On May 8, 1856, Marcus Parrott went up to Fort Leavenworth and had a talk with Colonel Edwin Sumner, in command, about the brewing invasion from Missouri. Since the Wakarusa War’s muddled end, Franklin Pierce had granted Wilson Shannon the authority to call out Sumner’s men to preserve law and order in Kansas. Pierce’s proclamation made only fig leaf gestures to neutrality, casting antislavery agitation as the more serious threat. But Pierce’s orders to Sumner (PDF), by way of Secretary of War Jefferson Davis, charged the Colonel with aiding the territorial government against both “insurrection” and “invasive aggression.” Davis’ orders focused entirely on the things that antislavery Kansans had done, reducing the threat of Missourian invasion to a single reference in passing. In that he followed the lead of the President, or the President followed his. We don’t know exactly how things worked out between them, but at least some of the time Davis seems to have had practical control of the executive branch.

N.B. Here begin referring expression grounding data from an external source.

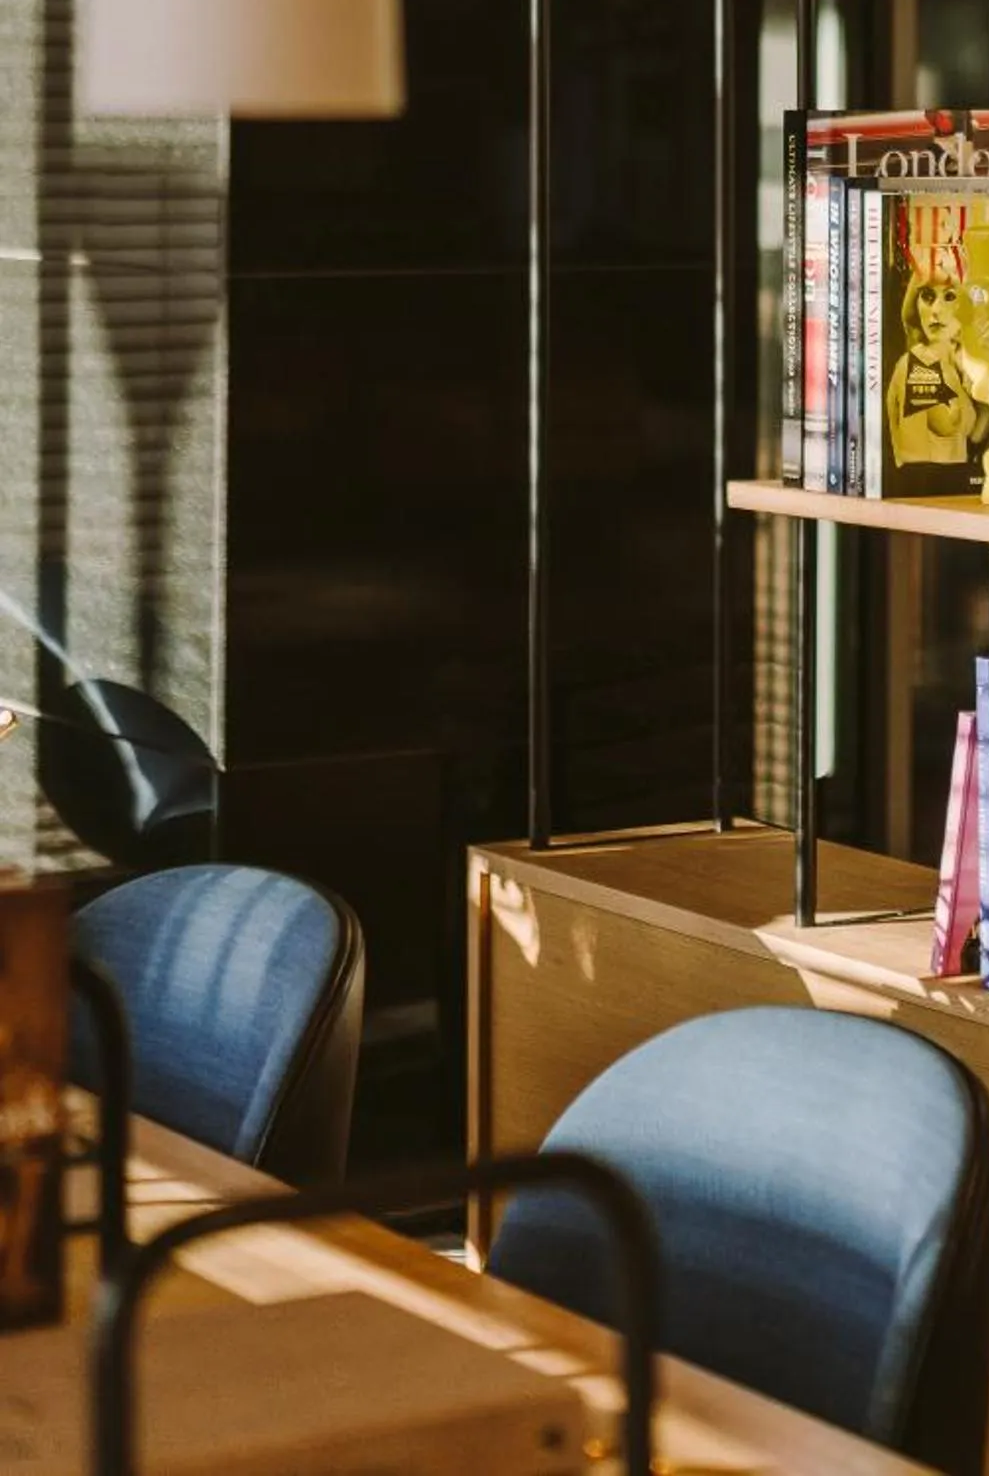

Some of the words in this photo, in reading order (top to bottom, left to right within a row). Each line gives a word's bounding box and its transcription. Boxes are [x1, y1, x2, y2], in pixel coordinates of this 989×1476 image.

[829, 229, 839, 307] WHOSE
[869, 208, 877, 297] HELMUT
[869, 306, 879, 392] NEWTON
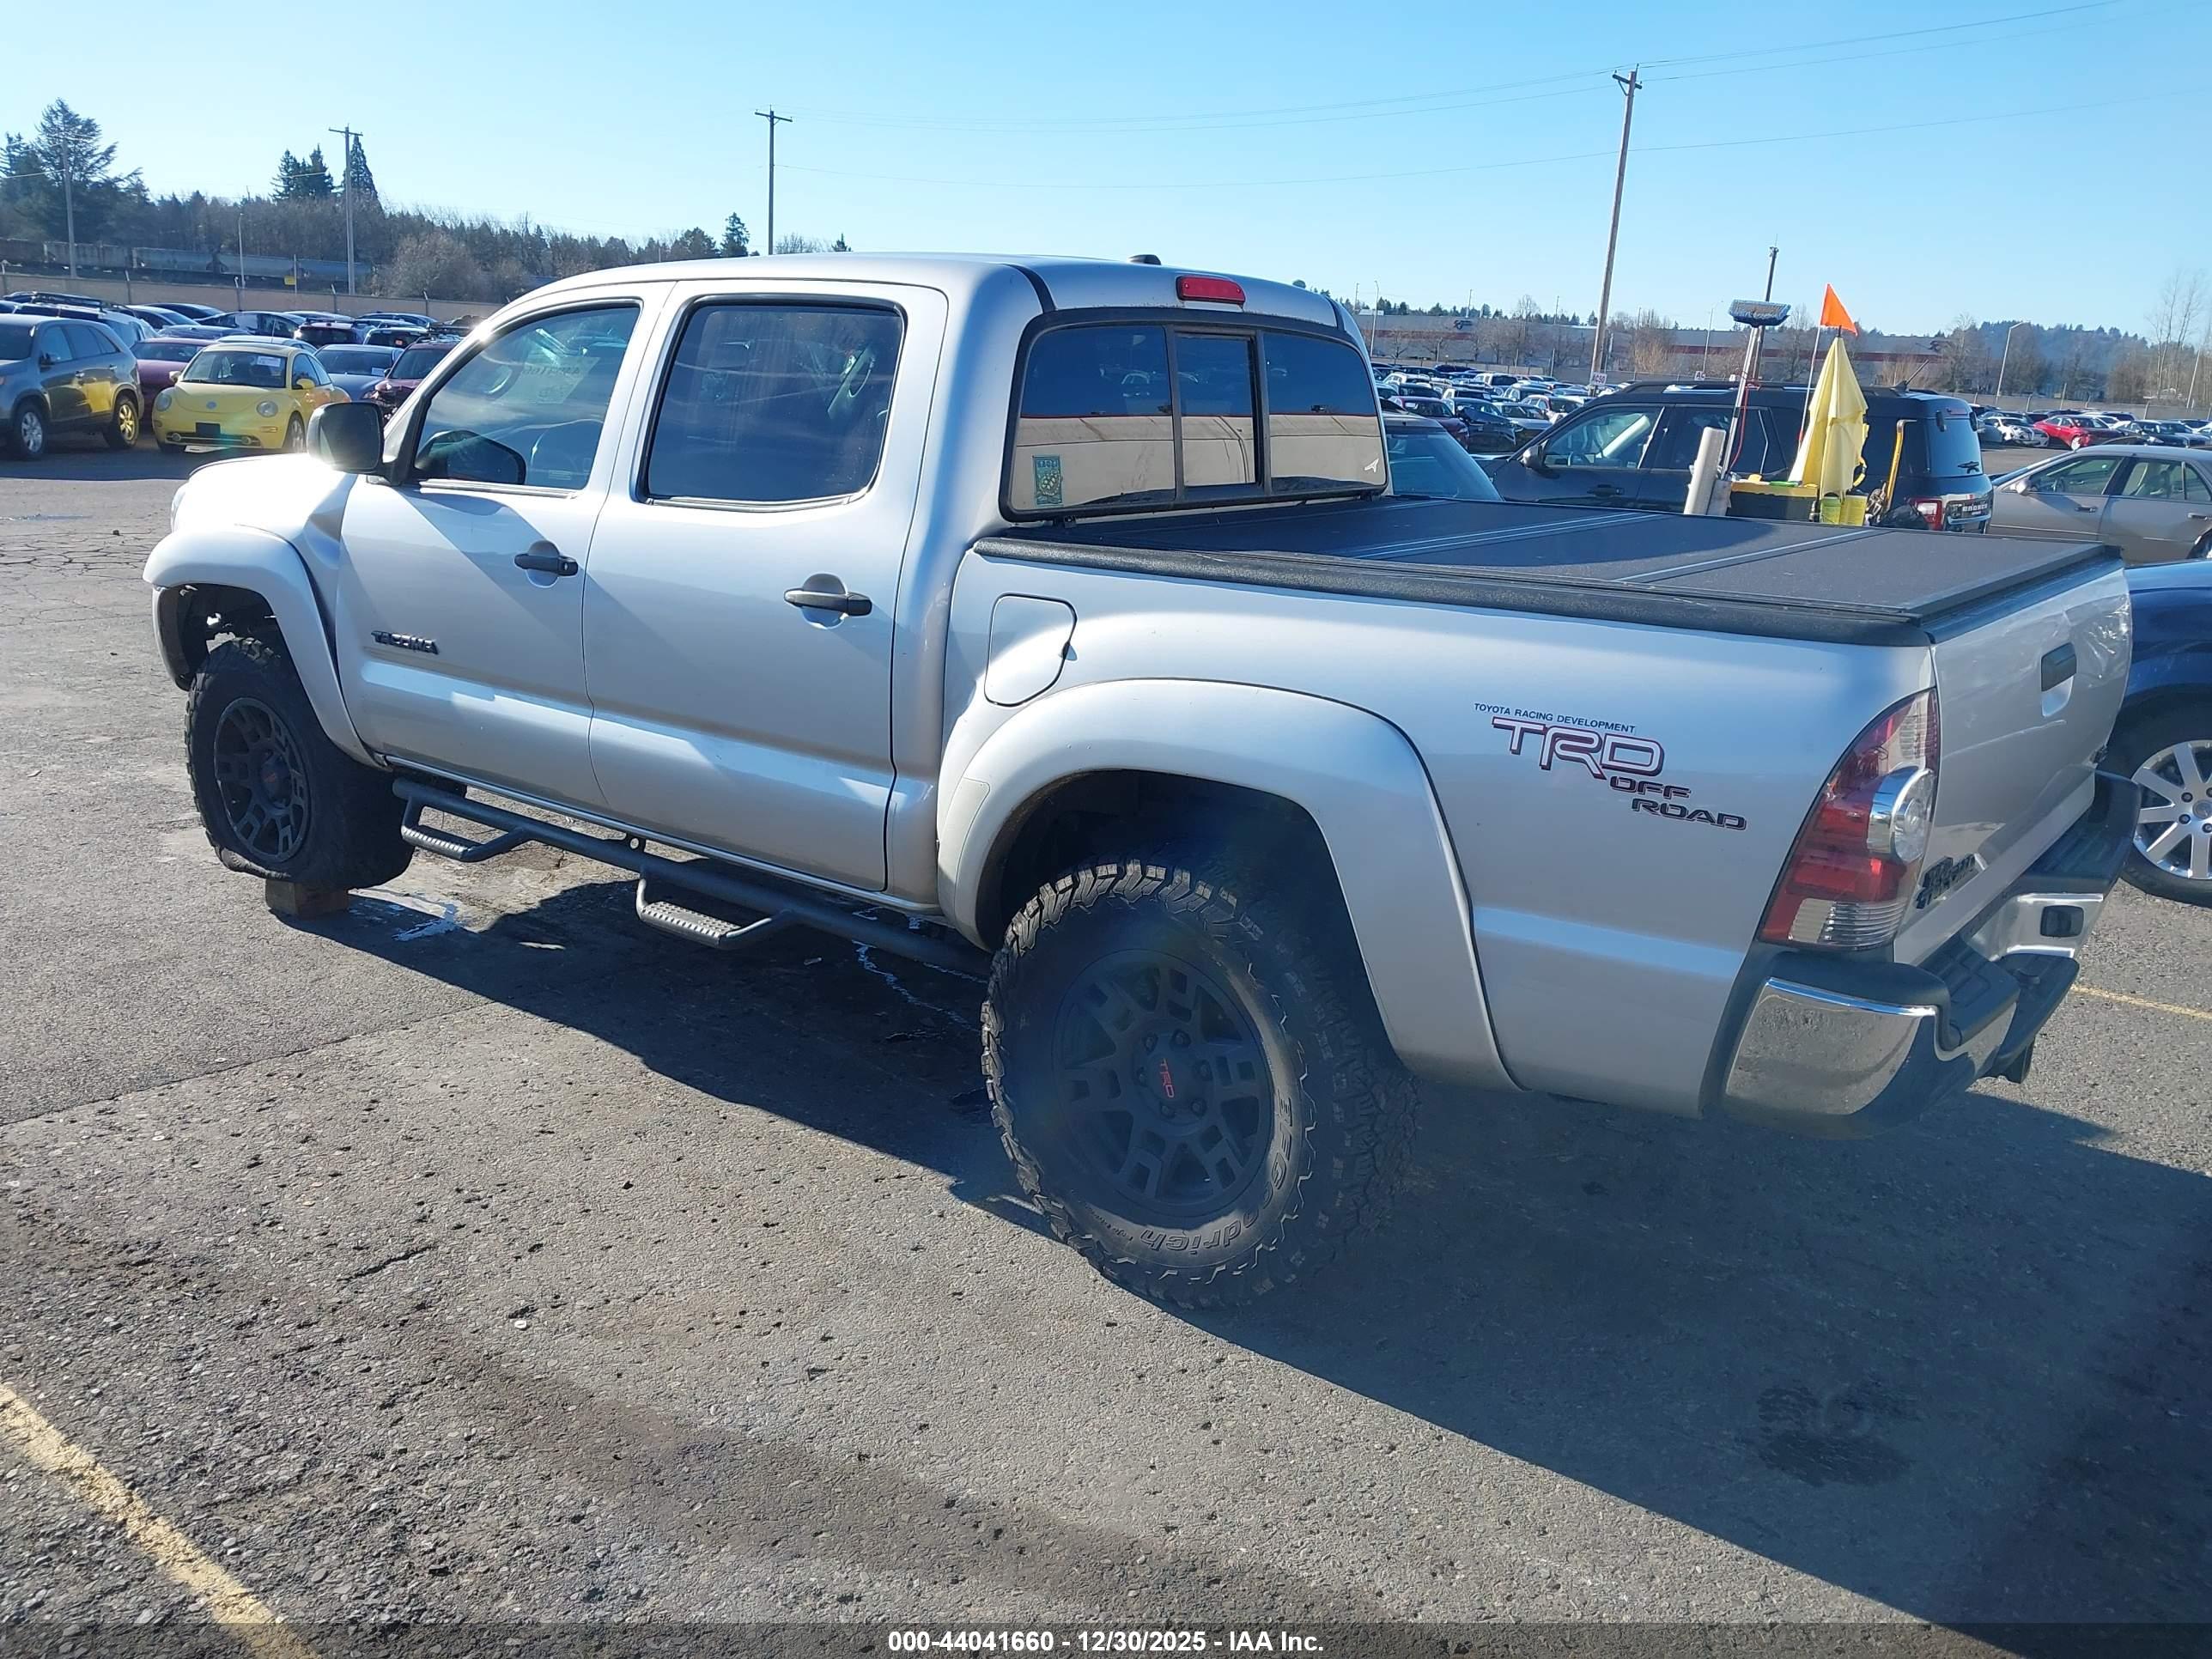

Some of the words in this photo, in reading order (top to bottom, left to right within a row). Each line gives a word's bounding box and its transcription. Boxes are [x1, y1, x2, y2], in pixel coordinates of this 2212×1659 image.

[371, 630, 439, 655] TACOMA
[1474, 702, 1510, 715] TOYOTA
[1514, 708, 1553, 722] RACING
[1557, 714, 1635, 733] DEVELOPMENT
[1492, 716, 1665, 780] TRD
[1610, 775, 1692, 799] OFF
[1632, 798, 1748, 831] ROAD
[1159, 1058, 1175, 1098] TRD

Sumner noticed the omission and wrote back to the War Department. Did they mean for him to intervene also if Shannon called on him to stop invaders from Missouri? The Governor had tried just that back in December, but Sumner had demurred for lack of authority to comply on his own. He also seems to have asked about an invasion from parts more distant, whether Jefferson Buford’s men or some sort of armed Emigrant Aid formation. Jefferson Davis wrote back via the Adjutant General’s office on March 26:
in reply to the question as to where the men may come from, or whether armed or unarmed, is not one for the inquiry or consideration of the commanding officer. It is only when an armed resistance is offered to the laws and against the peace and quiet of the Territory, and when, under such circumstances, a requisition for military force is made upon the commanding officer by the authority specified in his instructions, that he is empowered to act.
Colonel Sumner had no authority to act against border ruffians. Should Shannon call on him, he must act in concert with them. Thus Sumner visited Lecompton on May 12, a few days after promising Marcus Parrott that he would look into things. He had bad news, which he shared with the Adjutant General:
Great excitement is prevailing in the country at this moment in consequence of the Marshal and Sheriff summoning large posses, without reference to the Governor, as they say to maintain the law.
Sumner informed Shannon that he would follow his instructions when called upon, to
arrest and hold subject to the orders of the civil authorities any men in the territory against whom writs were issued; and further, that in order to preserve the peace of the country, I would place my entire regiment immediately at any point he might designate.
Shannon, Sumner thought, wanted that badly to keep the peace. He had said as much back in December and now faced a situation much the same, down to the cast of characters. But Shannon didn’t think it proper to “assume the responsibility of controlling them under civil officers”. All of this sounds like Shannon wanted Sumner to go out on a limb face the consequences of intervention against the proslavery party.